Thomas Jefferson was a remarkably progressive Virginia farmer as well as statesman. He planted some of the first Brussels sprouts in America and was one of the first to set out pecan trees.

After Robbie Burns' father died, he leased the farm of Mossgiel near Mauchline East Ayrshire with his brother Gilbert. Working their noses to the grind, he and his brother paid themselves £7 per year each. It was not successful and the arduous farm work and undernourishment permanently injured Burns health, leading to the rheumatic heart disease from which he eventually died.

In around 1816 a Cape Cod, Massachusetts farmer, Henry Hall noticed that cranberries were larger and juicier where a layer of sand from the dunes blew over the vines. He used this sand layering technique for his cranberries and became their first cultivator.

Rudyard Kipling lived the life of a farmer at his Bateman's mansion, owning rich pastures and a fine herd of Sussex cattle.

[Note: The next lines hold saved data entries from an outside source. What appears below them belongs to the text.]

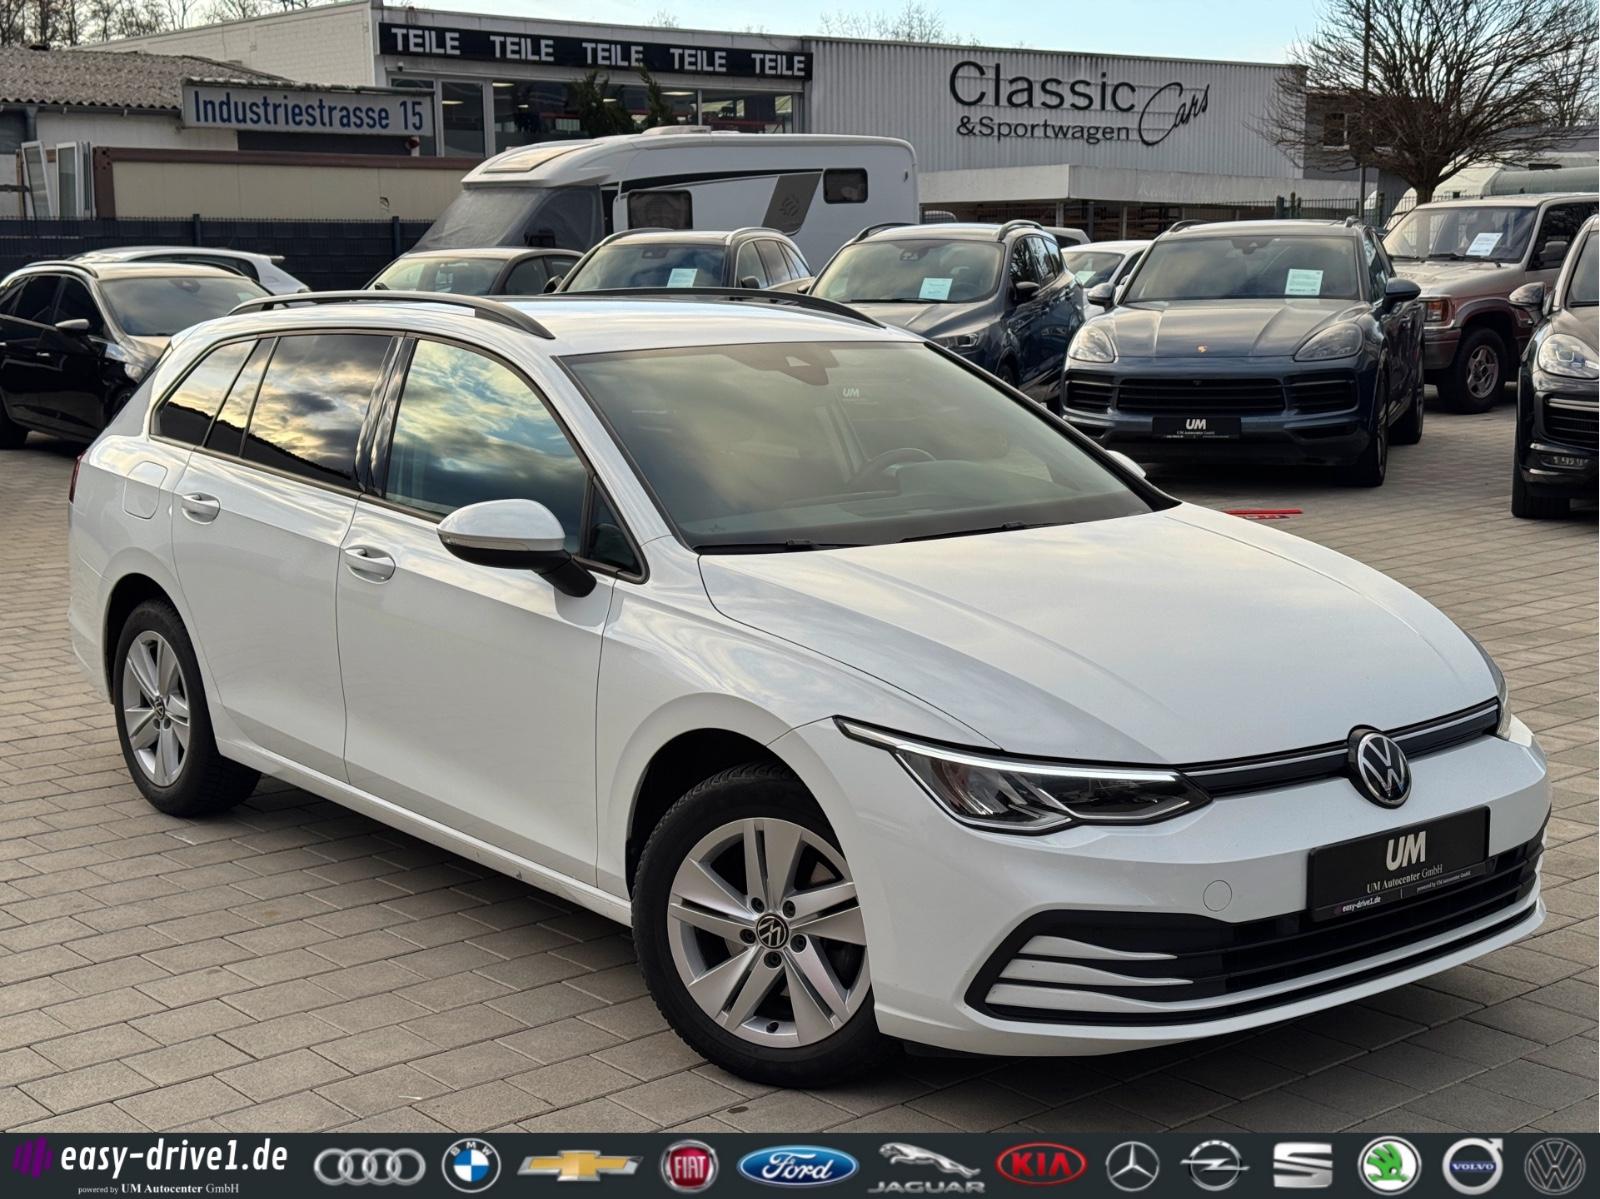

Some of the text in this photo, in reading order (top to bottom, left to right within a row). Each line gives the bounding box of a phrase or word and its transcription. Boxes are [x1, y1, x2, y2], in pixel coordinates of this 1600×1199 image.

[391, 28, 806, 76] TEILE TEILE TEILE TEILE TEILE
[194, 91, 424, 131] Industriestrasse 15
[949, 60, 1211, 146] Classic Cars
[956, 115, 1130, 145] &Sportwagen
[842, 387, 860, 398] UM
[1186, 418, 1207, 430] UM
[1386, 830, 1426, 871] UM
[1367, 880, 1381, 894] UM
[1381, 872, 1421, 889] Autocenter
[1421, 863, 1443, 878] GmbH
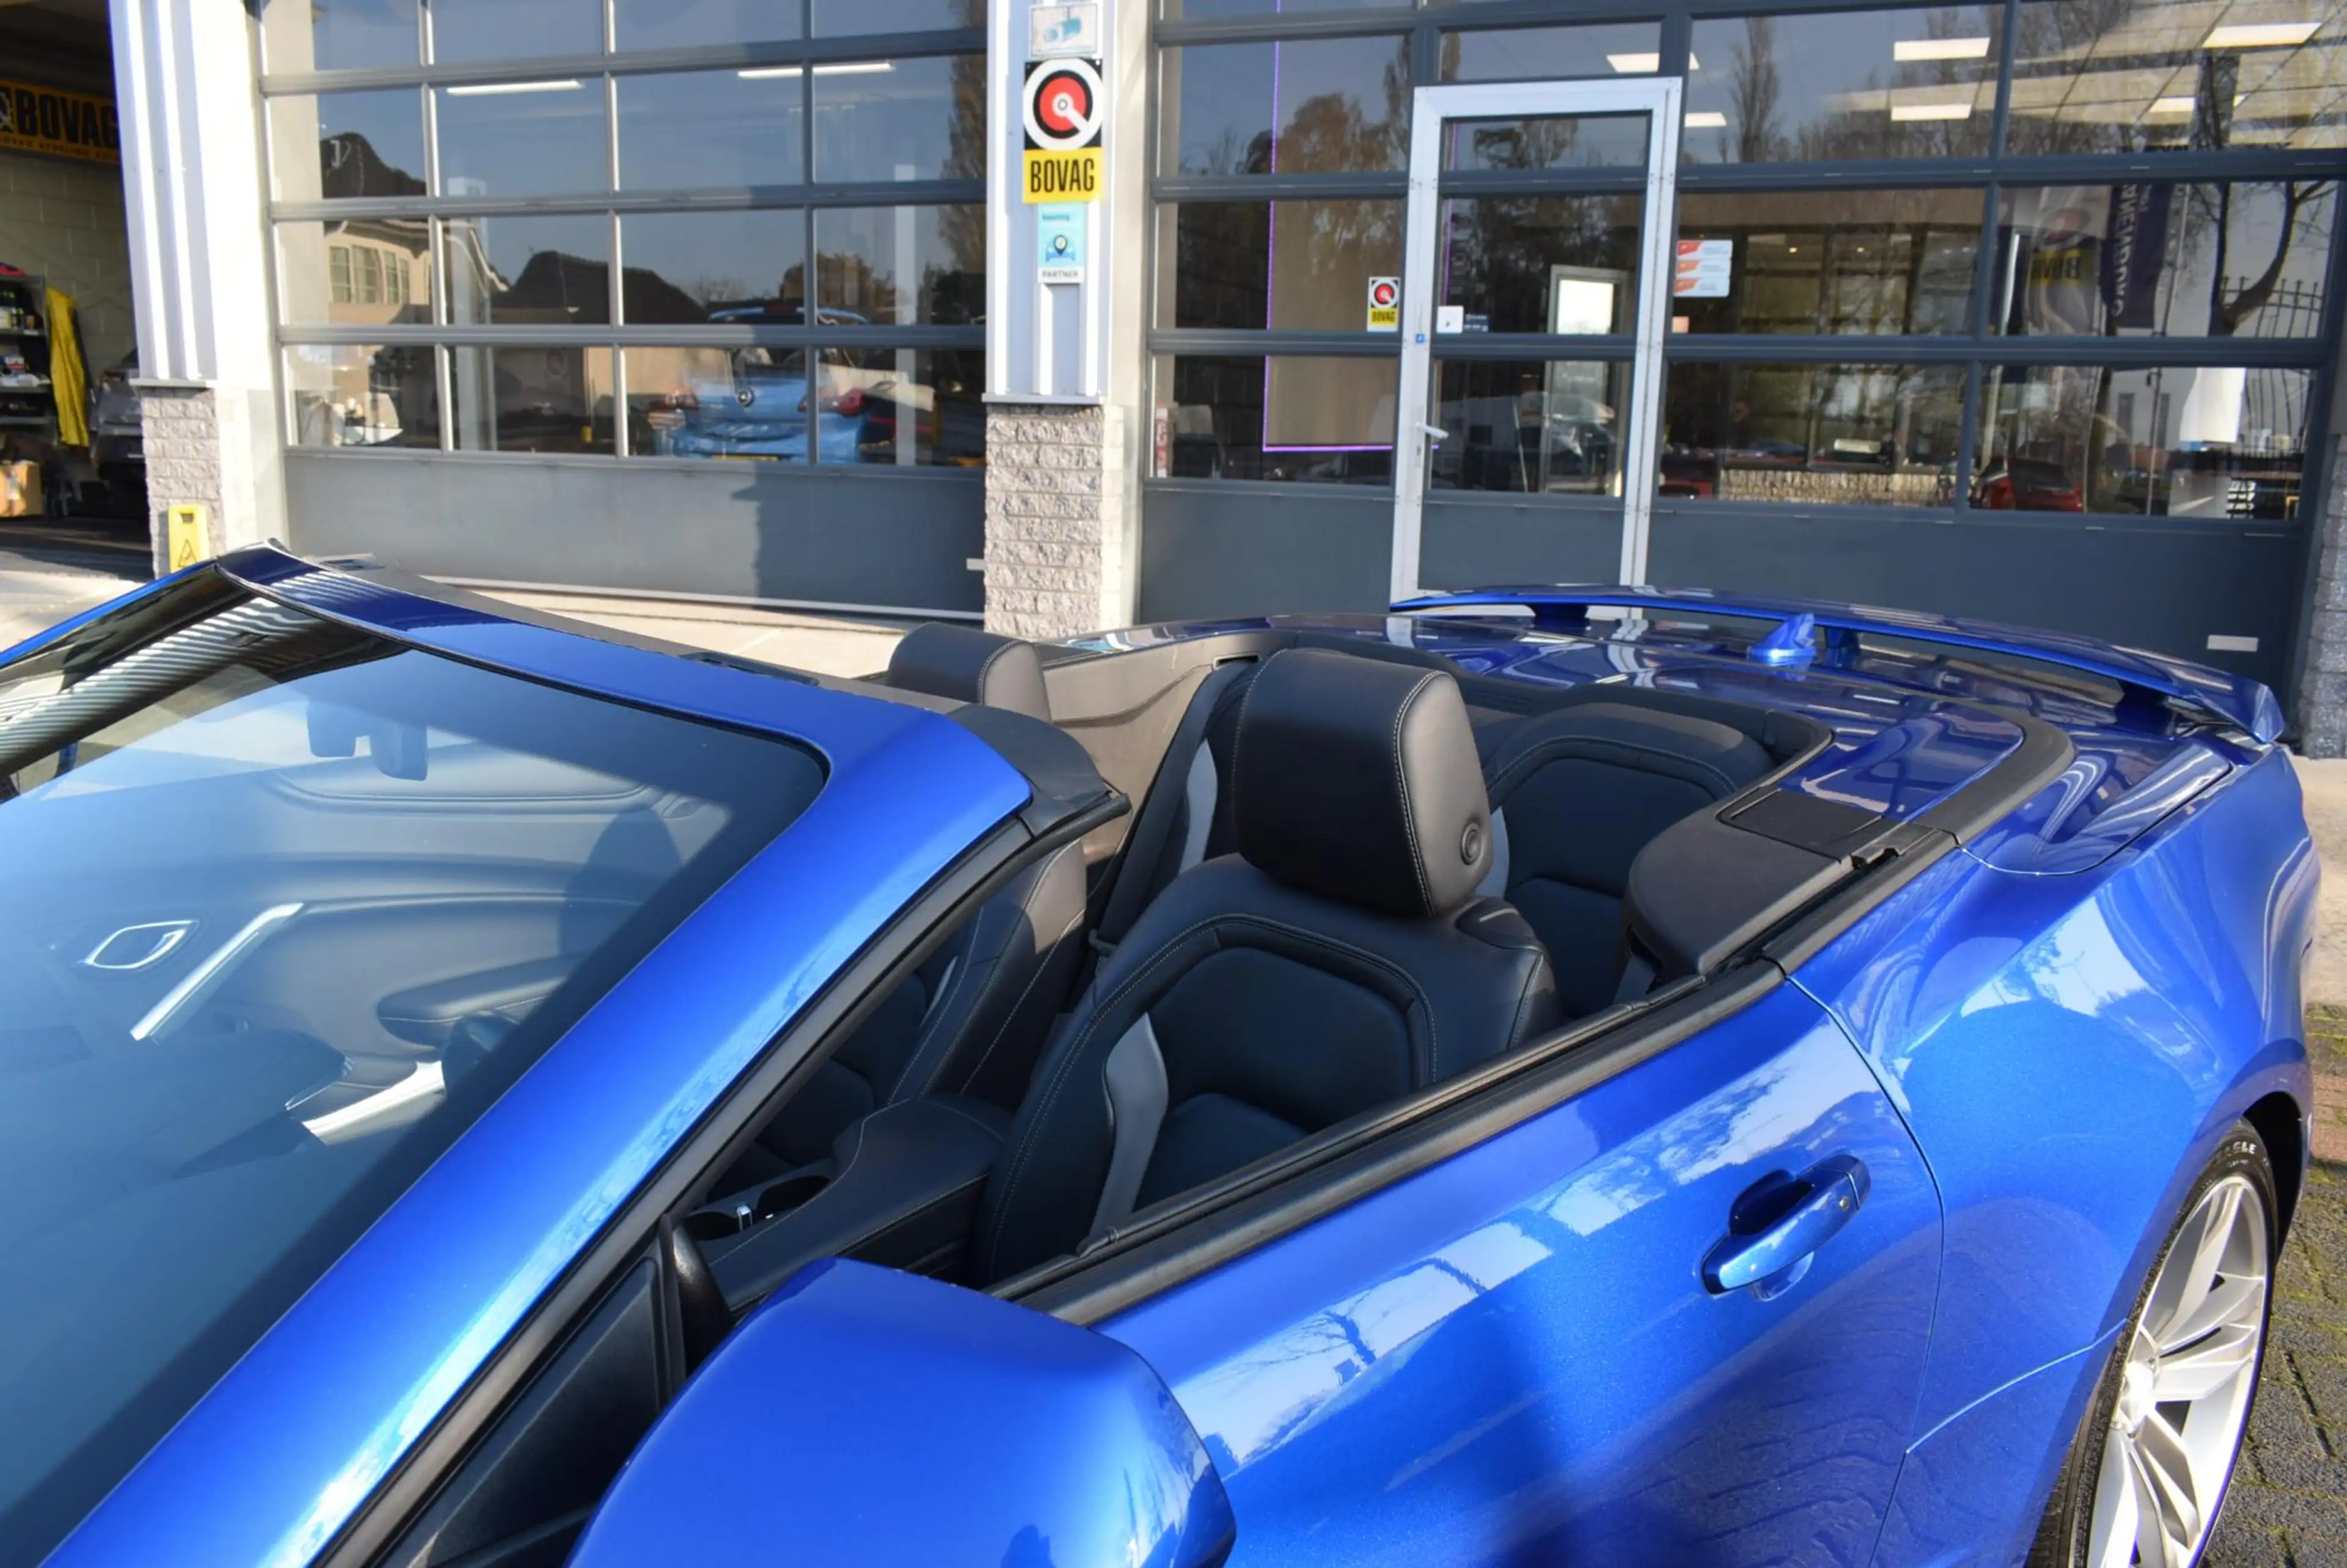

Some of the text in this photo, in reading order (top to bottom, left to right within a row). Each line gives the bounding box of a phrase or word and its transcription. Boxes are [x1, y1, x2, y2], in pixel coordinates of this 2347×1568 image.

[15, 89, 119, 150] BOVAG
[1030, 158, 1095, 193] BOVAG
[1372, 310, 1395, 323] BOVAG

President Jimmy Carter was a peanut farmer. After his presidency Carter returned to Georgia to his peanut farm, which he had placed into a blind trust to avoid even the appearance of a conflict of interest. He found that the trustees had mismanaged the trust, leaving him more than one million dollars in debt.

The Archers, the world's longest running broadcast serial, was devised by the BBC for a practical purpose – to convey useful information to the farming community.

Many farmers love to attract barn owls as they are often better at reducing rodent populations than traps, poison or cats.

The rate of suicide among farmers in the US is three and a half times higher than among the general population, according to the National Rural Health Association.

While there are 2.2 million real farmers in the US, there are 80 million active Farmville farmers.